When Faye Abunijmeh's 9-year-old son, Habib, decided to grow his hair and eventually donate it to a cancer patient, we can only imagine the mother from Joshua, Texas felt intense pride in her son's selfless actions. Unfortunately, not everyone appeared to see it that way. Joshua Idependent School District (JISD)'s officials have told the mother her son has to cut his hair per the district's dress code, which Abunijmeh views sexist and unfair. So, now, she's fighting against it so her son can have the chance to follow through with his incredibly noble plan.

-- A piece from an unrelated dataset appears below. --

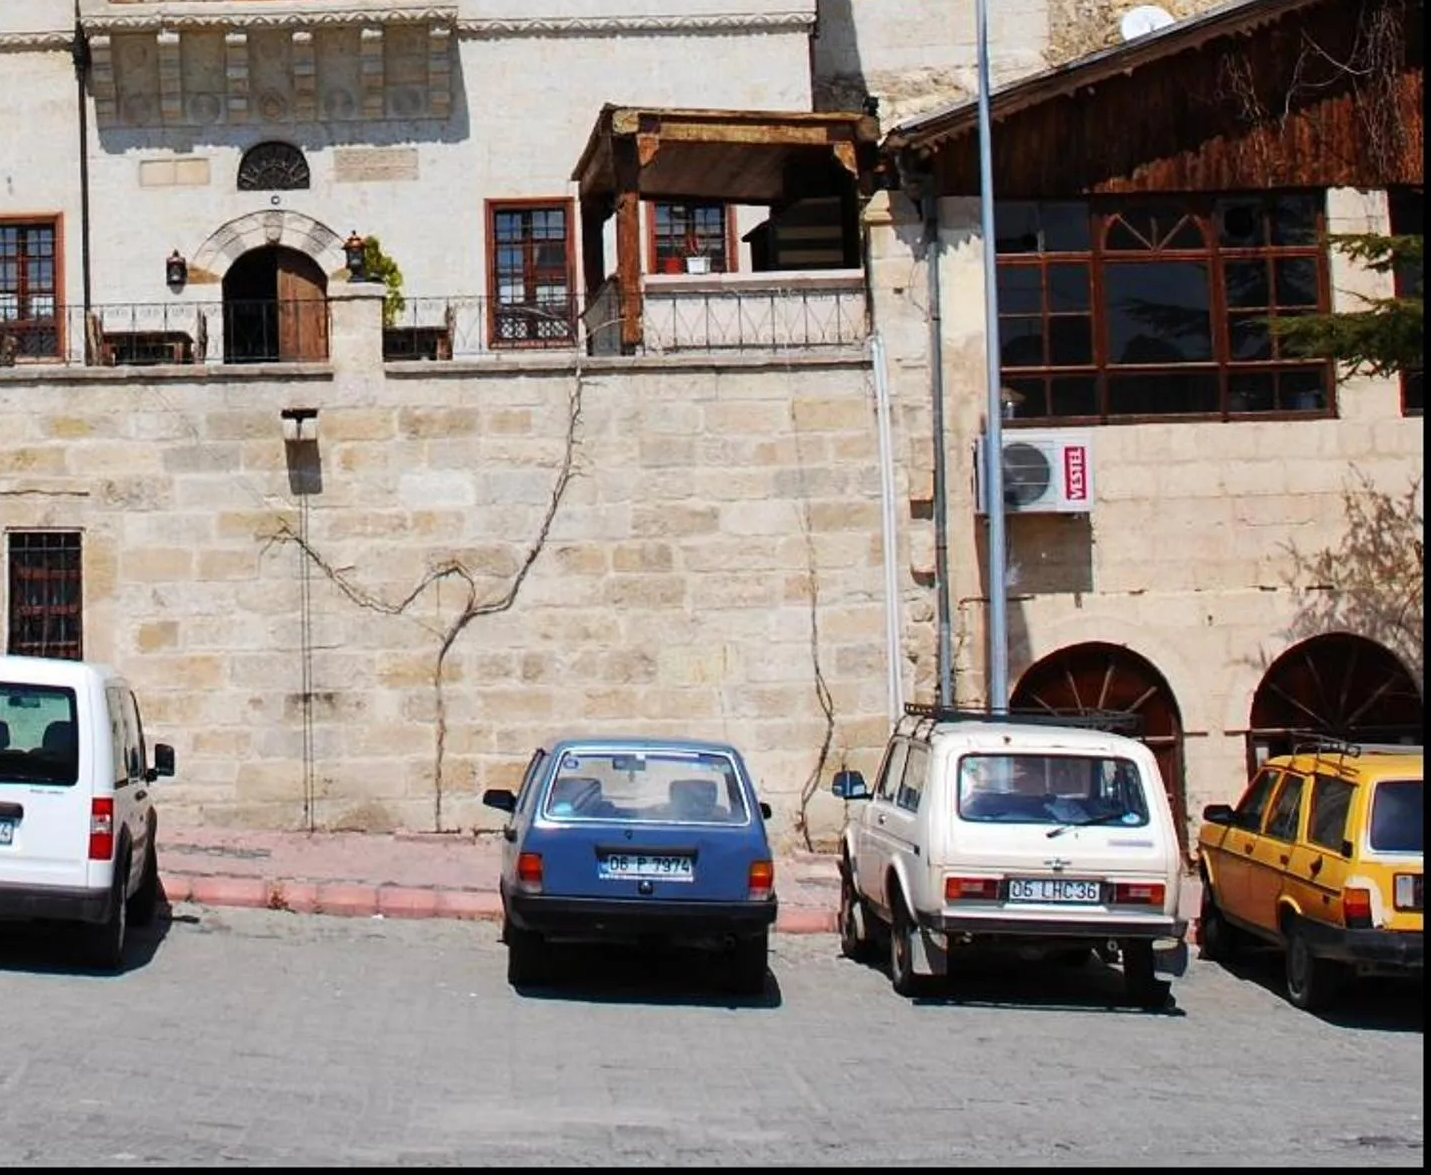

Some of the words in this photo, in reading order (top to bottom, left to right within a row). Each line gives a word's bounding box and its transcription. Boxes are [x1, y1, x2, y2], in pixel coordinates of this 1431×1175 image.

[1069, 447, 1083, 500] VESTEL
[610, 855, 629, 871] 06
[637, 857, 647, 871] P
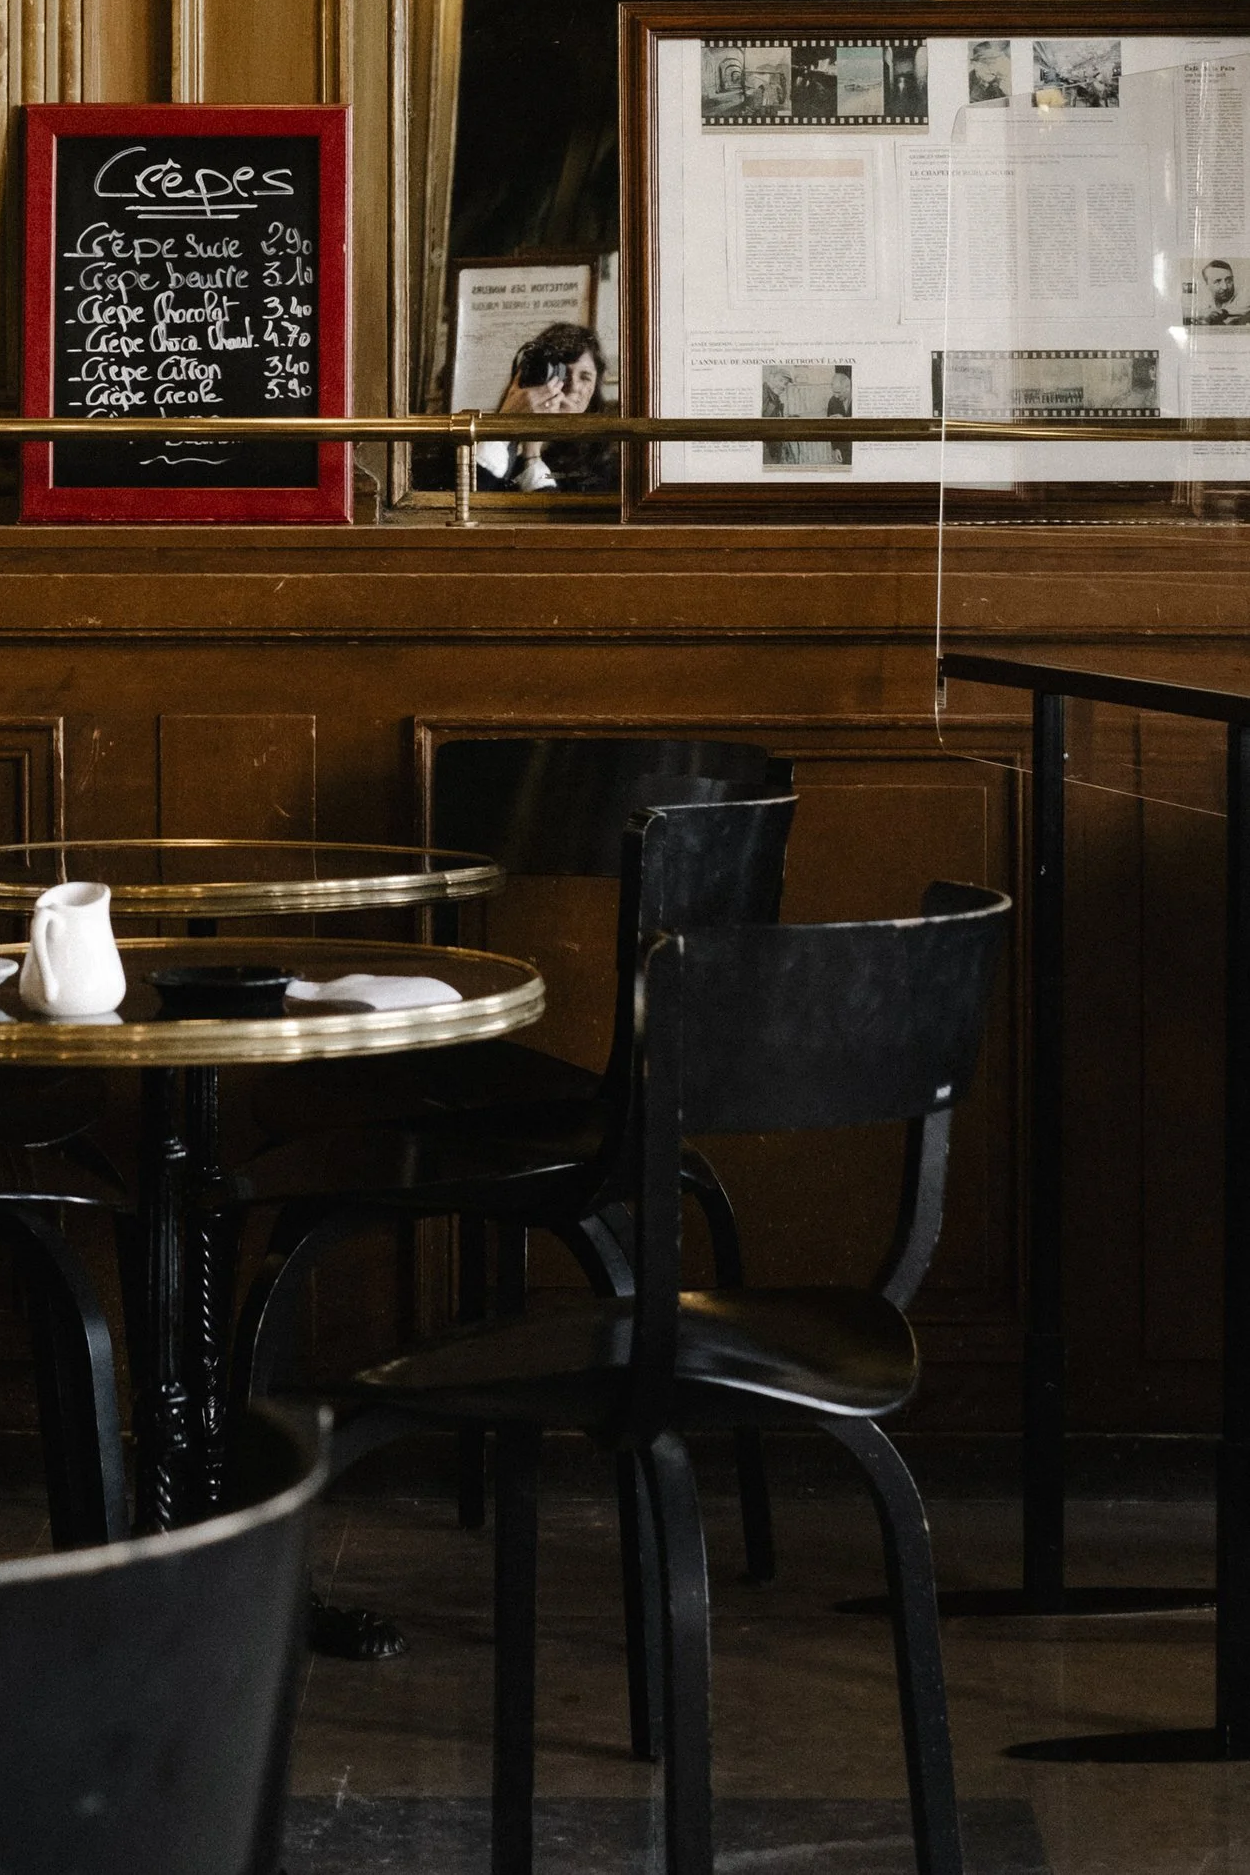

"My son has been growing [his hair] since Pre-K," Abunijmeh told "[is] last hair cut was in 2013, and in the second grade he saw a picture of a cancer patient and asked why were they bald, so I explained to him. He had asked if they will get their hair back and I said, 'Sometimes, but it's hard for them so sometimes they get wigs.'"

She explained that her son then came to the conclusion that he wanted to get take action. "He wanted to do this," the mom added. "My school has been extremely supportive; it is the district with the huge problem."

According to Abunijmeh, the district requested that her son cut his hair before the start of the school year. Abunijmeh attended a "meet the teacher" event, and she was told that if her son didn't comply, he may not be able to attend classes.

"[I was] a bit shocked, upset because of their rules genderizing our boys and holding them to a different senseless reasoning is what gets me," she said. "They keep saying [the dress code] is for hygiene, and that it's to prevent disruption, and it's a safety hazard. Those terms do not make sense because girls have same length and longer and they are not looked upon as a disruption or hazard."

Abunijmeh contacted the district's superintendent, who reportedly denied her request. While he admitted that Habib's actions were worthy of praise, the superintendent stood by the school's dress code, under which boys must not have hair that hangs below the top of a t-shirt collar and can't wear ponytails or buns.

In response, Abunijmeh created a petition to "make a statement" and work toward changing the dress code. "It is not fair for all our male students, who wish to express themselves and are denied because of an archaic rule," she writes in the petition.

"I'm doing this for all the boys!" Abunijmeh said. "People are used to hearing discrimination against females, but they never hear against males, so they're kind of having a hard time grasping that matter."